Methods: A prospective cohort study with a consecutive sampling of 407 adult patients free of systemic weakness from six National Taiwan University Hospital ICUs before their index hospitalization. The Medical Research Council sum score (MRC) was used to screen ICUAW. The handgrip strength (HGS) and maximum inspiratory pressure (MIP) were evaluated on the ICU discharge day.

Results: Of the 406 patients, predominantly male (65.1%), the mean age was 69.02±13.4 years old. Acute respiratory failure was the majority indication of admission to ICU. Upon ICU discharge, all ICU survivors were liberated from mechanical ventilation. Among patients who completed the MRC test (n=275), ICUAW was identified in 22.5% of survivors. A significant association exists between reduced HGS and MIP with ICUAW development. For every one kilogram decrease in HGS, the risk of developing ICU-AW increases by 1.14 times (adjusted odds ratio [aOR], 1.14; 95% confidence interval [CI]: 1.02-1.27, p = .17).
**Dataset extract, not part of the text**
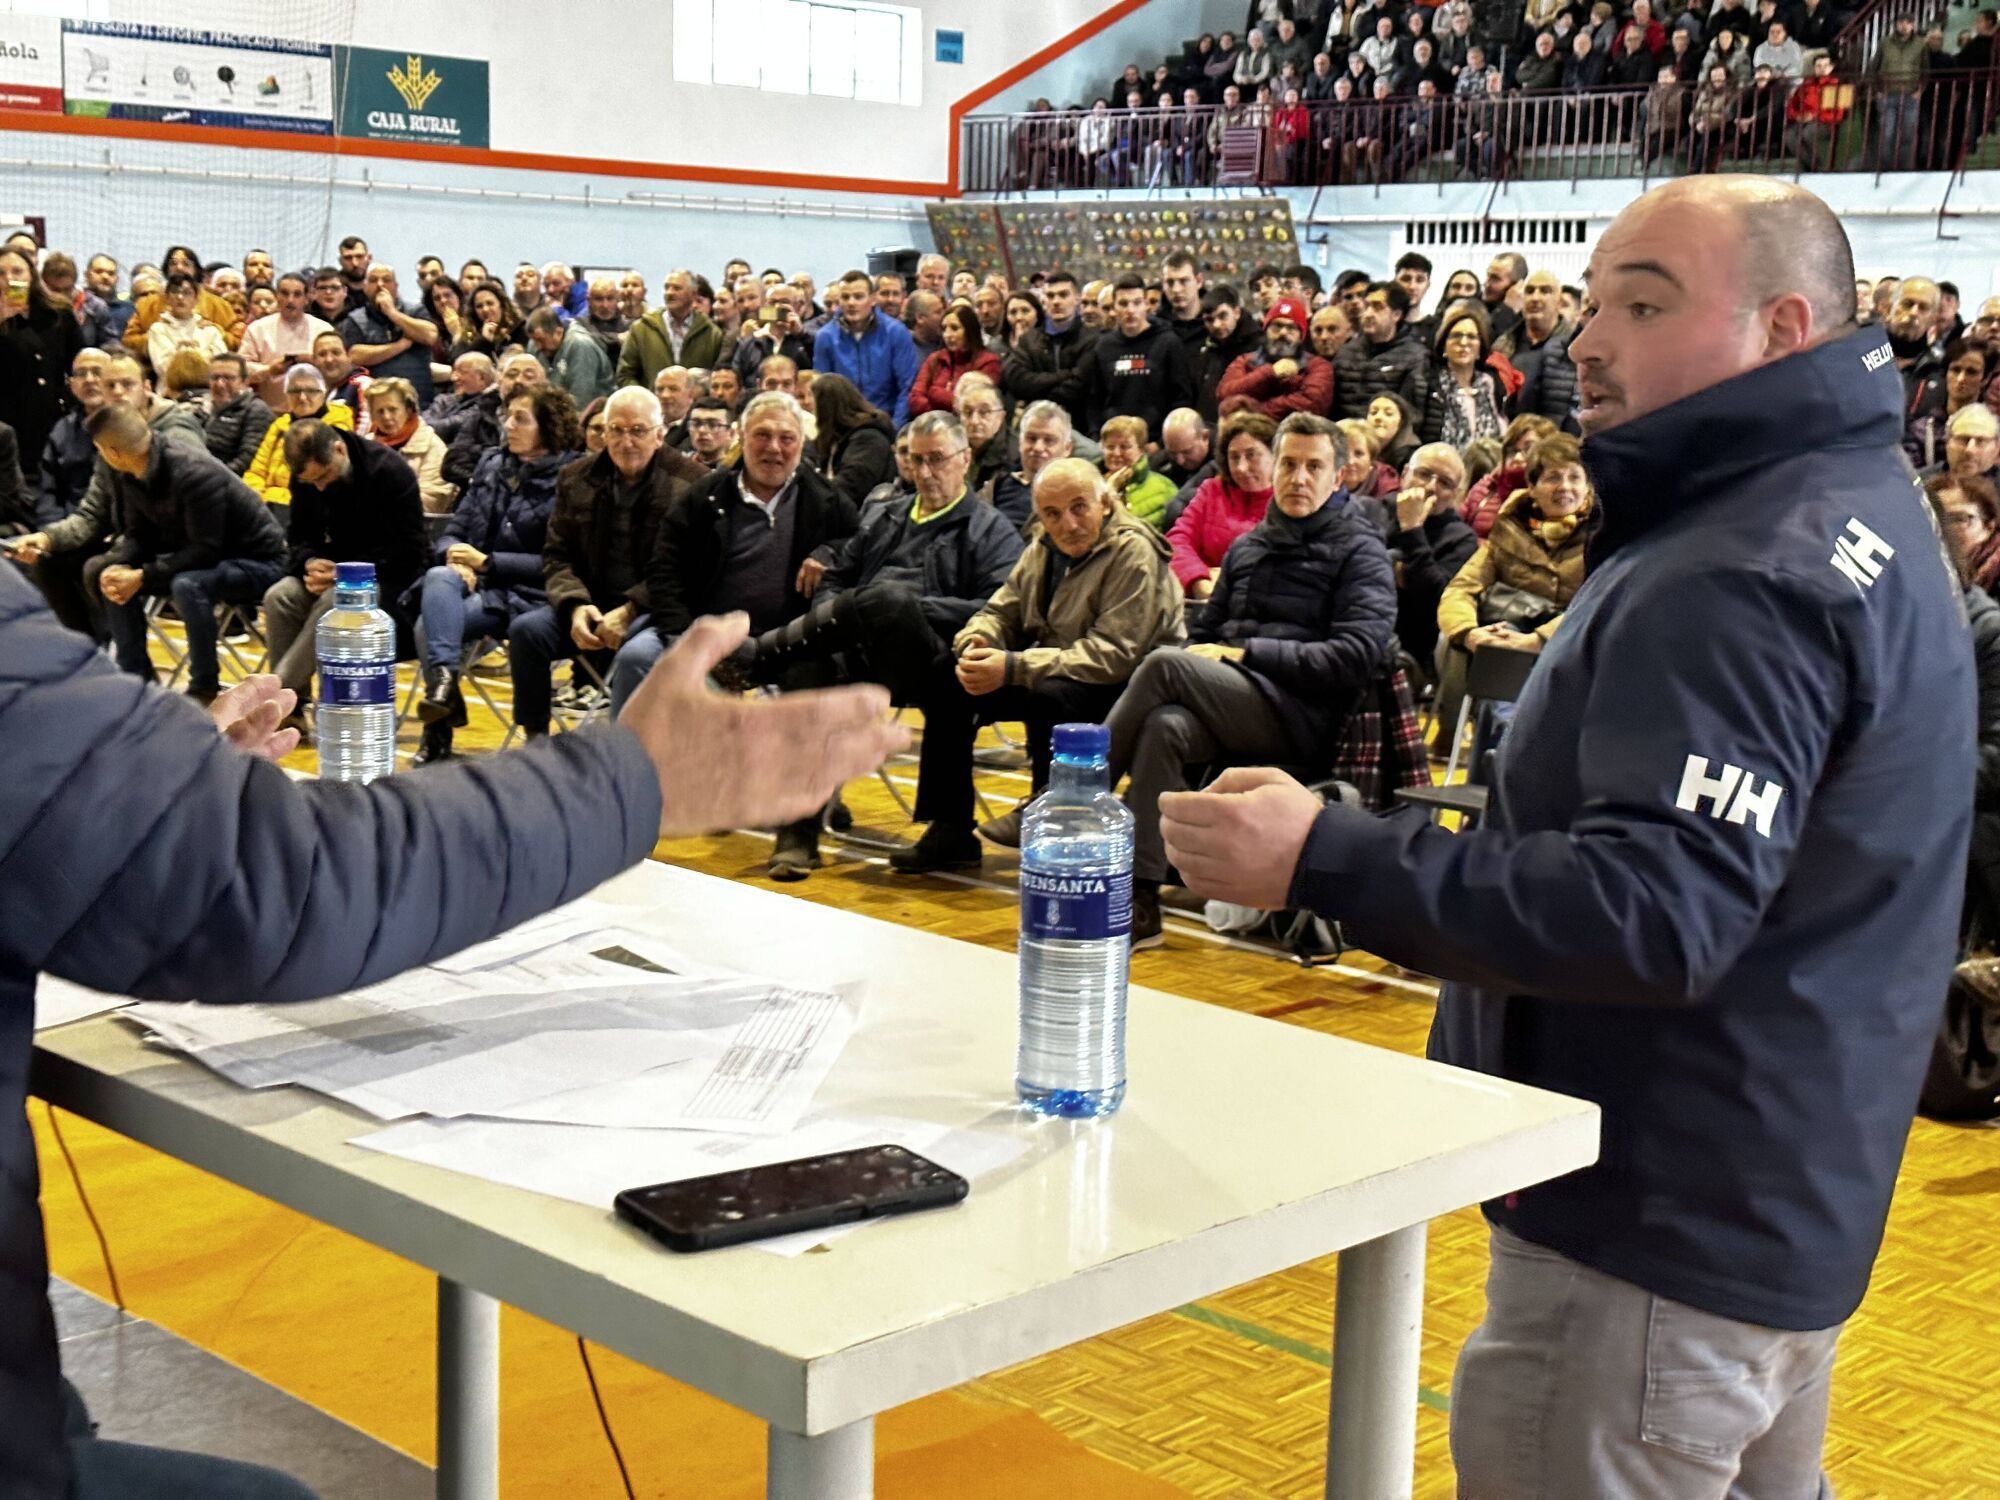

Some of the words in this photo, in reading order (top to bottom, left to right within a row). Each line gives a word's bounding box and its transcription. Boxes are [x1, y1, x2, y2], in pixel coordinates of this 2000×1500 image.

[367, 111, 407, 131] CAJA
[409, 114, 462, 135] RURAL
[1675, 753, 1783, 838] HH
Similarly, a one cmH2O reduction in MIP was associated with a 1.06-fold higher risk of developing ICUAW (aOR, 1.06; 95% CI: 1.01-1.11, p = .17).

Conclusions: The incidence of ICUAW was 22.5% in our study, slightly lower than in the previous report. Those affected experience a significant decrease in handgrip strength and respiratory muscle force, associated with higher ICUAW risks. The findings suggest that both HGS and MIP could serve as markers to ICUAW, providing potential for early and more accessible (relative to MRC manual testing) screens and serving as targets for improvement.